Open aegerton opened 3 years ago
It's hard to tell from what you've posted here - would need to see all your intermediate steps - can you post the precise code you are running and the outputs you are receiving?
One thought I had is that you don’t seem to have installed scipy. This is needed for some of the distribution parameters in train_xgb_crossvalidated
.
Thanks @keithmcnulty for the prompt and helpful response. It is greatly appreciated. I have now installed scipy
, but this doesn't resolve the error. Here's the full R code;-
library(reticulate)
library(dplyr)
virtualenv_create("NSS1", python = "/usr/bin/python3")
virtualenv_install('NSS1', c('pandas', 'numpy', 'xlcompose', 'matplotlib', 'sklearn', 'xgboost', 'scipy'))
use_virtualenv('NSS1', required = T)
source_python("python_functions.py")
white_wines <- read.csv("https://archive.ics.uci.edu/ml/machine-learning-databases/wine-quality/winequality-white.csv", sep = ";")

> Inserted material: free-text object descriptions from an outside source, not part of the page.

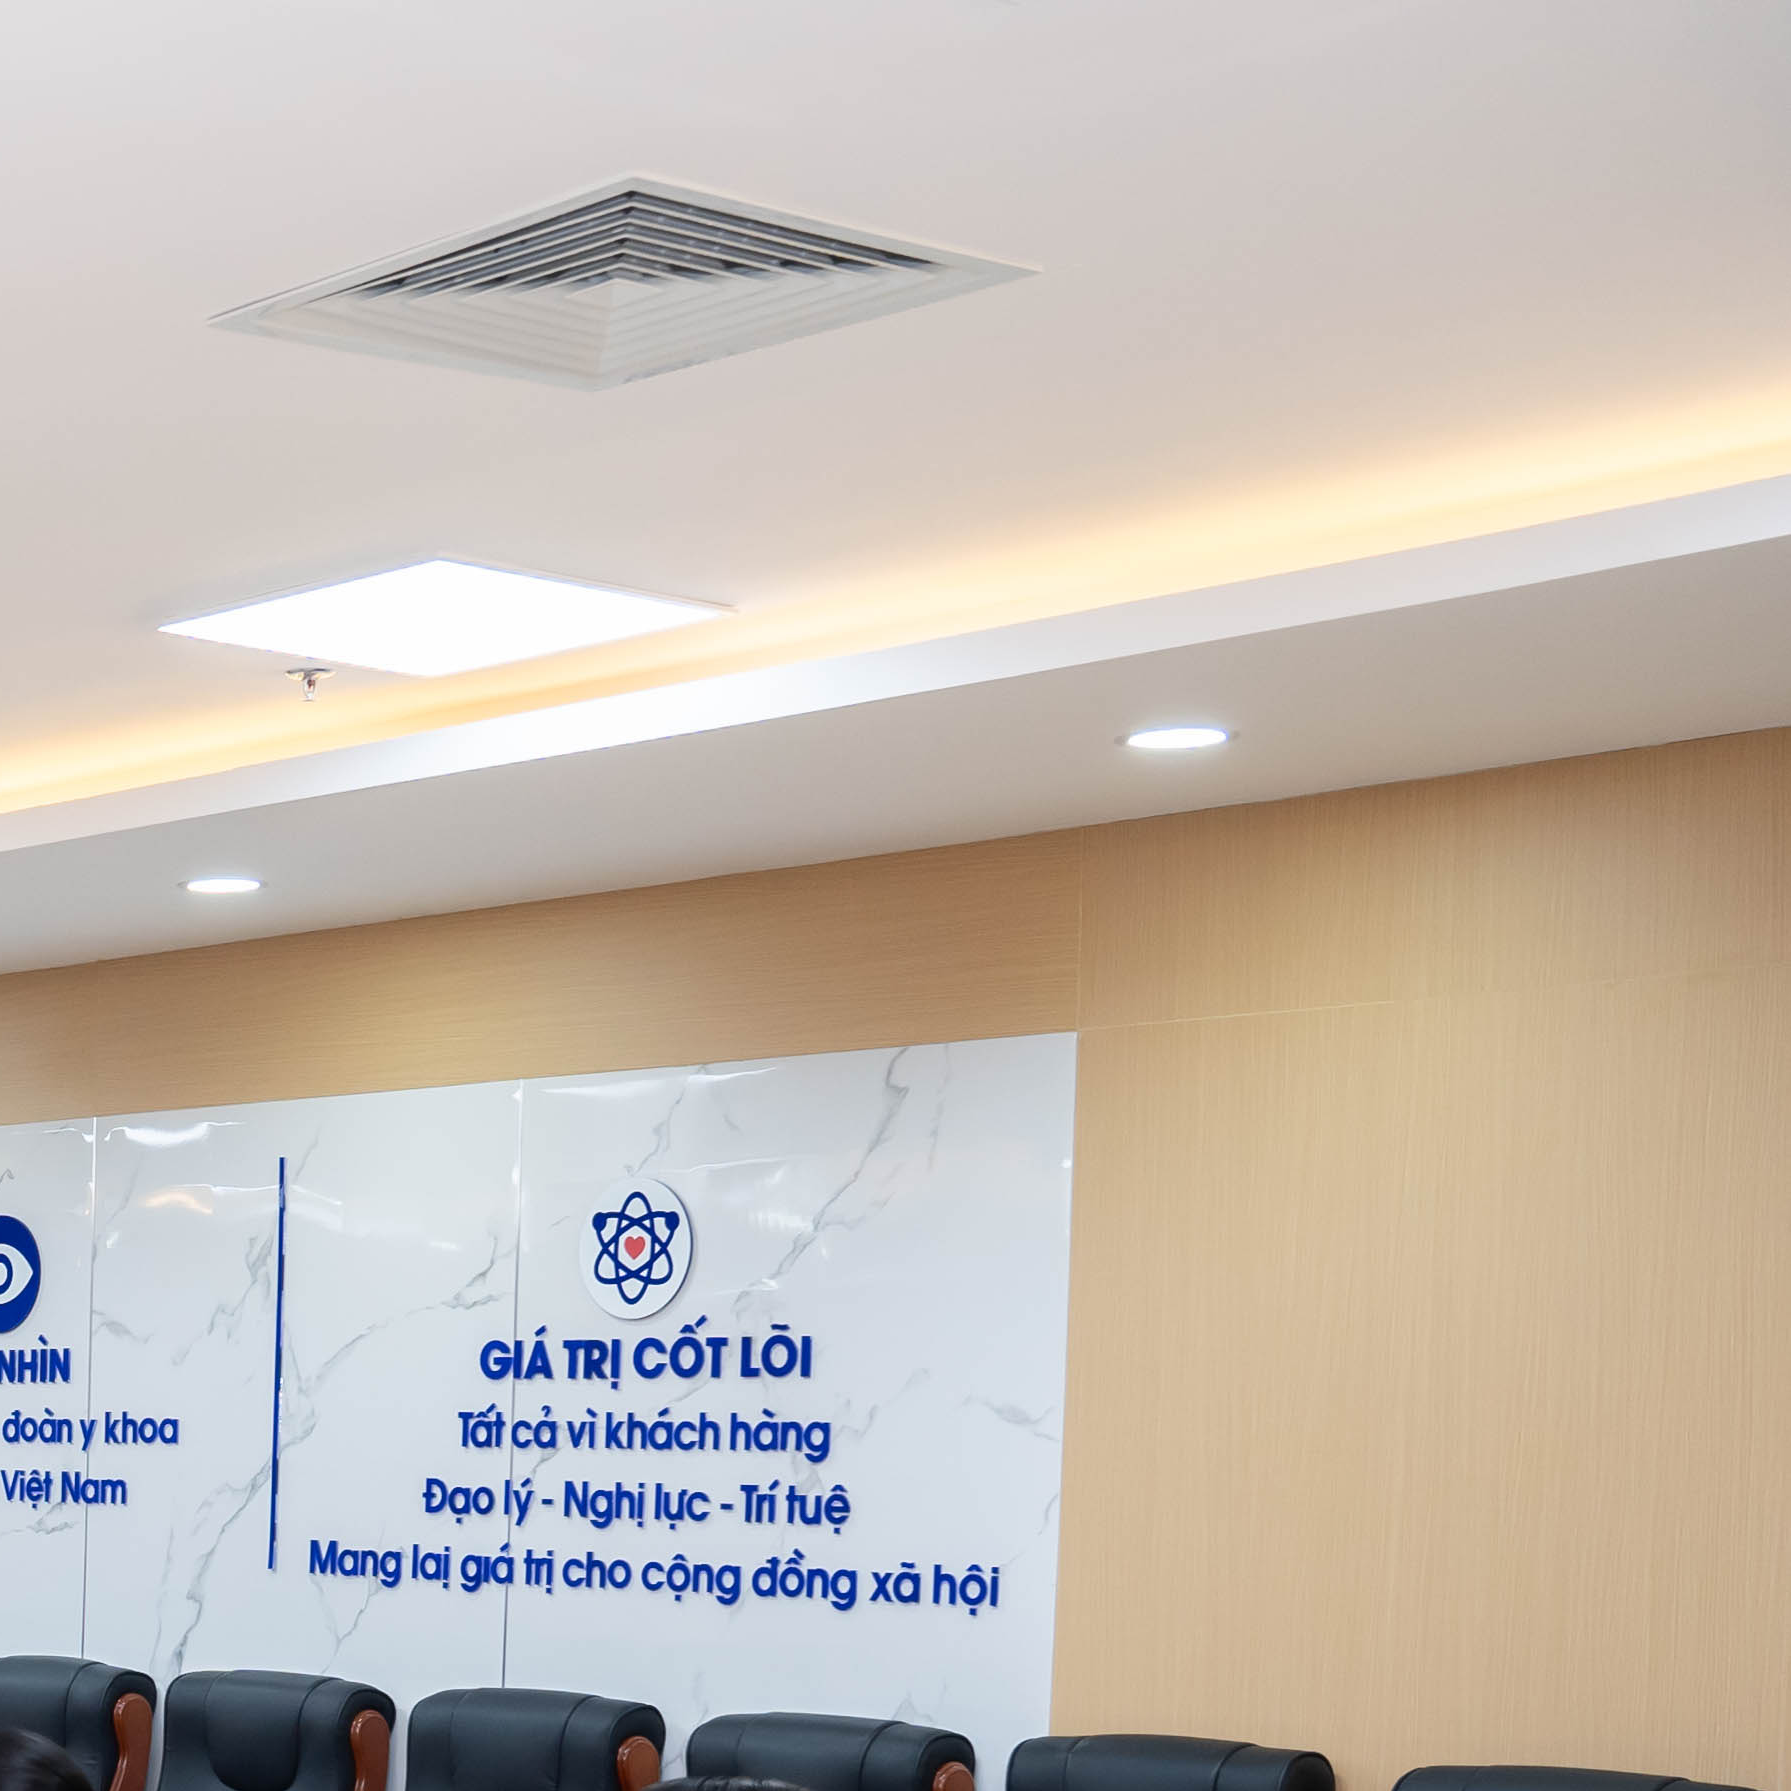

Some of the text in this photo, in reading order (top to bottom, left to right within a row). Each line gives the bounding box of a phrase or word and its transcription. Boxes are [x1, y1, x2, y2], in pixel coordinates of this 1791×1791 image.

[479, 1315, 813, 1390] GIÁ TRỊ CỐT LÕI
[2, 1408, 73, 1444] đoàn
[79, 1419, 97, 1451] y
[104, 1412, 179, 1444] khoa
[458, 1404, 831, 1463] Tất cả vì khách hàng
[0, 1469, 53, 1509] Việt
[61, 1471, 127, 1504] Nam
[422, 1478, 495, 1524] Đạo
[504, 1478, 534, 1526] lý
[563, 1480, 645, 1529] Nghị
[654, 1483, 710, 1530] lực
[740, 1480, 780, 1523] Trí
[786, 1484, 850, 1534] tuệ
[309, 1539, 403, 1589] Mang
[523, 1549, 554, 1595] trị
[562, 1552, 632, 1589] cho
[641, 1554, 742, 1606] cộng
[751, 1549, 858, 1612] đồng
[870, 1562, 922, 1604] xã
[932, 1564, 999, 1616] hội

red_wines <- read.csv("https://archive.ics.uci.edu/ml/machine-learning-databases/wine-quality/winequality-red.csv", sep = ";")
white_wines$red <- 0
red_wines$red <- 1
wine_data <- white_wines %>%
bind_rows(red_wines) %>%
mutate(high_quality = ifelse(quality >= 7, 1, 0)) %>%
select(-quality)
params <- list(
input_cols = colnames(wine_data)[colnames(wine_data) != 'high_quality'],
target_col = 'high_quality',
test_size = 0.3,
random_state = 123,
subsample = (3:9)/10,
xgb_max_depth = 3:9,
colsample_bytree = (3:9)/10,
xgb_min_child_weight = 1:4,
k = 3,
k_shuffle = TRUE,
n_iter = 10,
scoring = 'f1',
error_score = 0,
verbose = 1,
n_jobs = -1
)
split <- split_data(df = wine_data, parameters = params)
scaled <- scale_data(split$X_train, split$X_test)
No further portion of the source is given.